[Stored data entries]
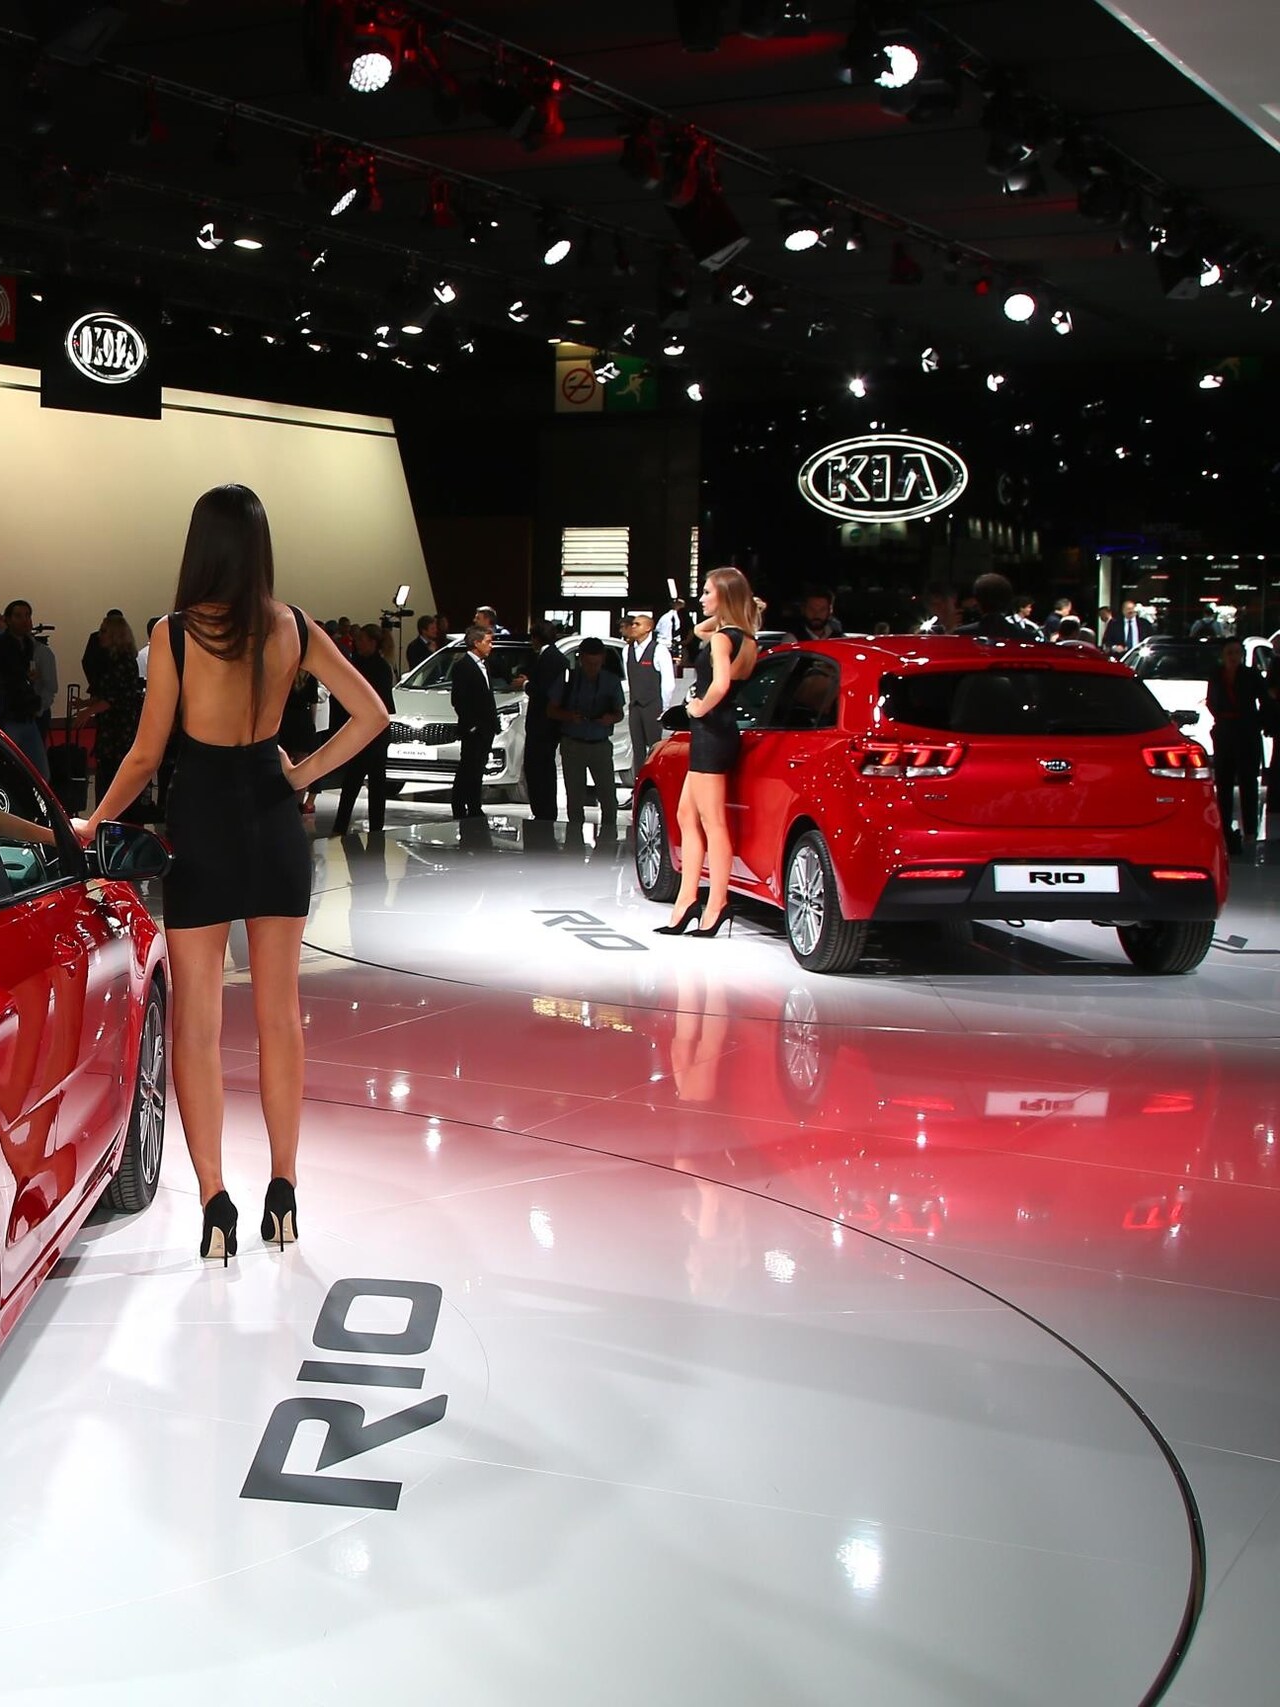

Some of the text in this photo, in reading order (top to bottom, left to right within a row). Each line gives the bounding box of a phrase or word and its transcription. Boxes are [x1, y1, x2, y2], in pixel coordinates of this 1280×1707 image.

[828, 453, 938, 501] KIA
[1029, 871, 1085, 885] RIO
[530, 909, 650, 951] RIO
[239, 1278, 448, 1511] RIO
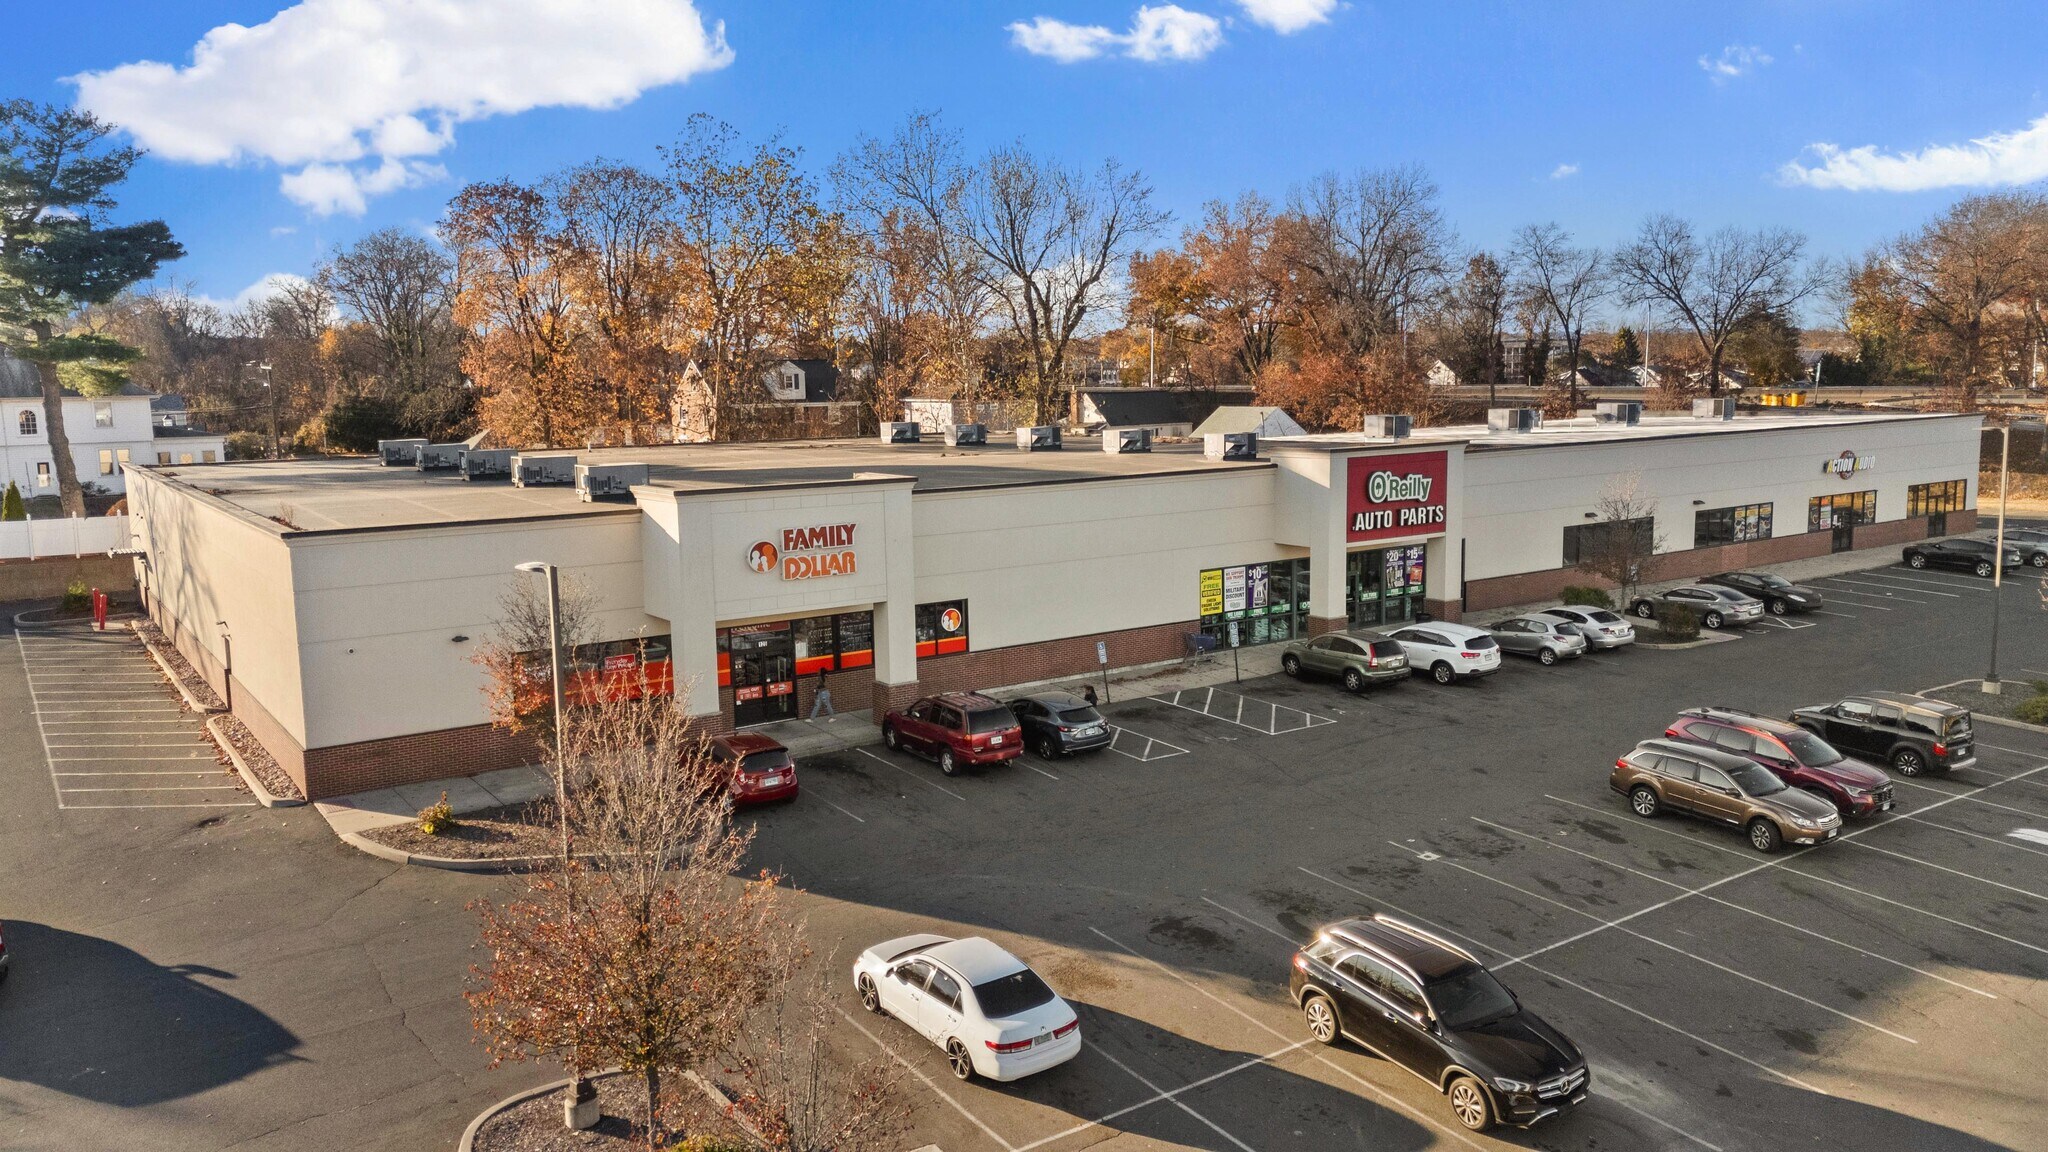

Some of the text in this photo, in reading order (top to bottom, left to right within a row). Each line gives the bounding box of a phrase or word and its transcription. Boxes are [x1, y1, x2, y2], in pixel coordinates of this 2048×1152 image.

[1827, 456, 1875, 473] ACTION AUDIO
[1369, 472, 1431, 502] O'Reilly
[1355, 505, 1444, 531] AUTO PARTS
[783, 523, 857, 552] FAMILY
[1386, 552, 1399, 562] $20
[1407, 549, 1418, 559] $15
[783, 551, 856, 581] DOLLAR
[1249, 569, 1262, 579] $10
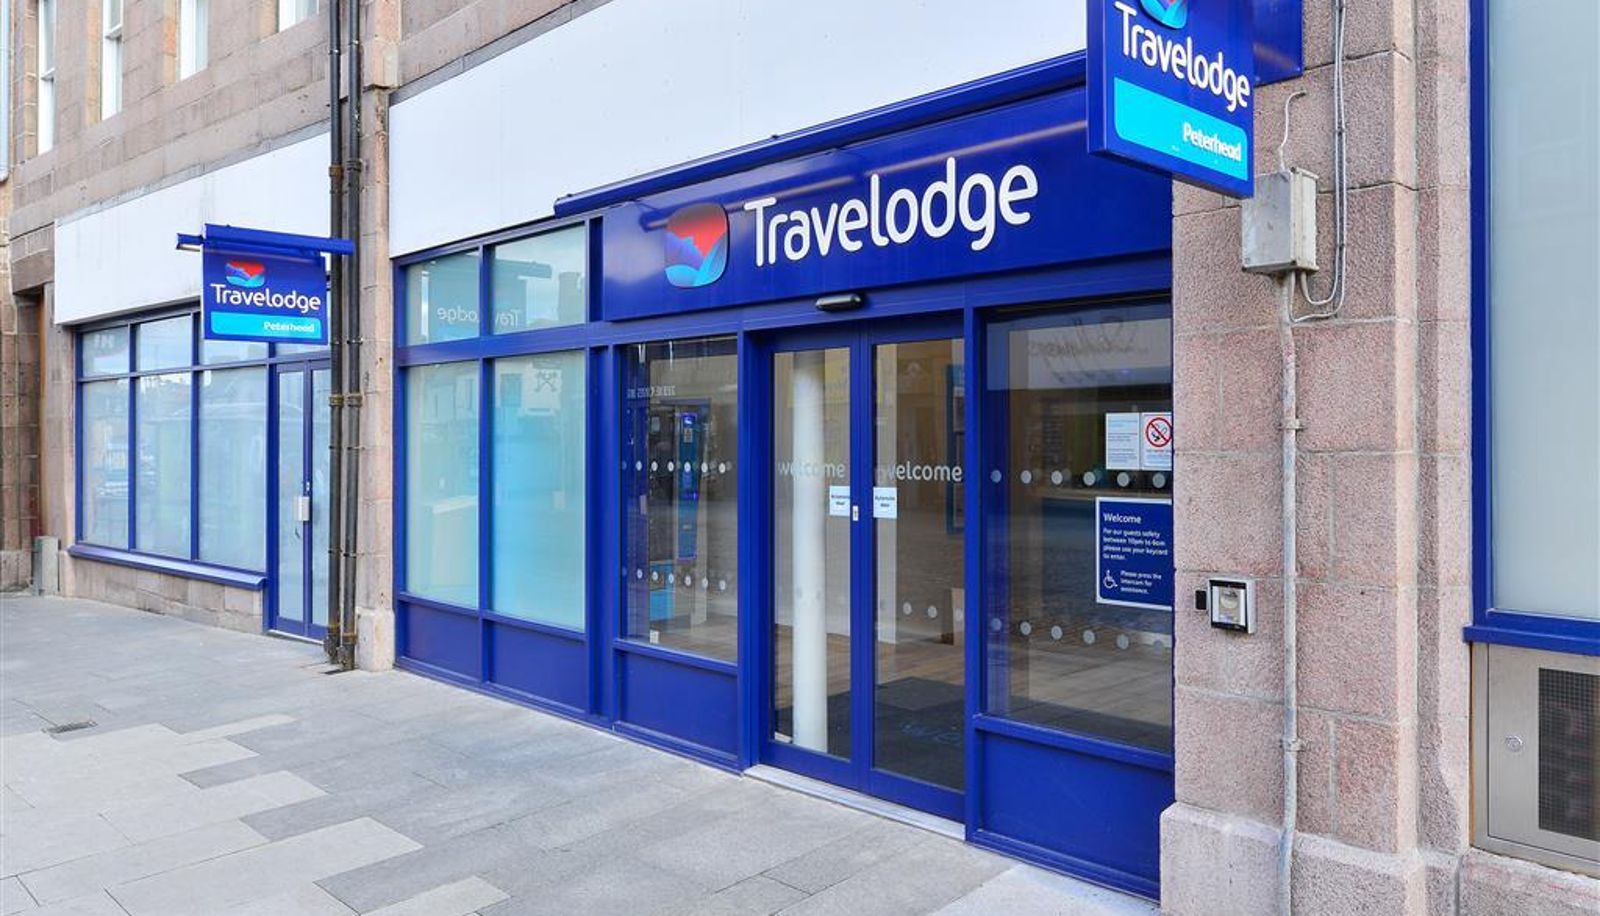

**Directions**
Images stay out, but the rest of the data above must be repeated exactly.

**Answer section**
Some of the text in this photo, in reading order (top to bottom, left to right within a row). Each line gives the bounding box of a phrase or word and its transcription. Boxes are [x1, y1, x2, y2], in pixel coordinates of this 1280×1707 image.

[828, 453, 938, 501] KIA
[1029, 871, 1085, 885] RIO
[530, 909, 650, 951] RIO
[239, 1278, 448, 1511] RIO

Some of the text in this photo, in reading order (top to bottom, left to right within a row). Each line gives the bounding box of a phrase or word and its transcription. Boxes are [x1, y1, x2, y2], in pixel coordinates of this 2048×1152 image.

[1827, 456, 1875, 473] ACTION AUDIO
[1369, 472, 1431, 502] O'Reilly
[1355, 505, 1444, 531] AUTO PARTS
[783, 523, 857, 552] FAMILY
[1386, 552, 1399, 562] $20
[1407, 549, 1418, 559] $15
[783, 551, 856, 581] DOLLAR
[1249, 569, 1262, 579] $10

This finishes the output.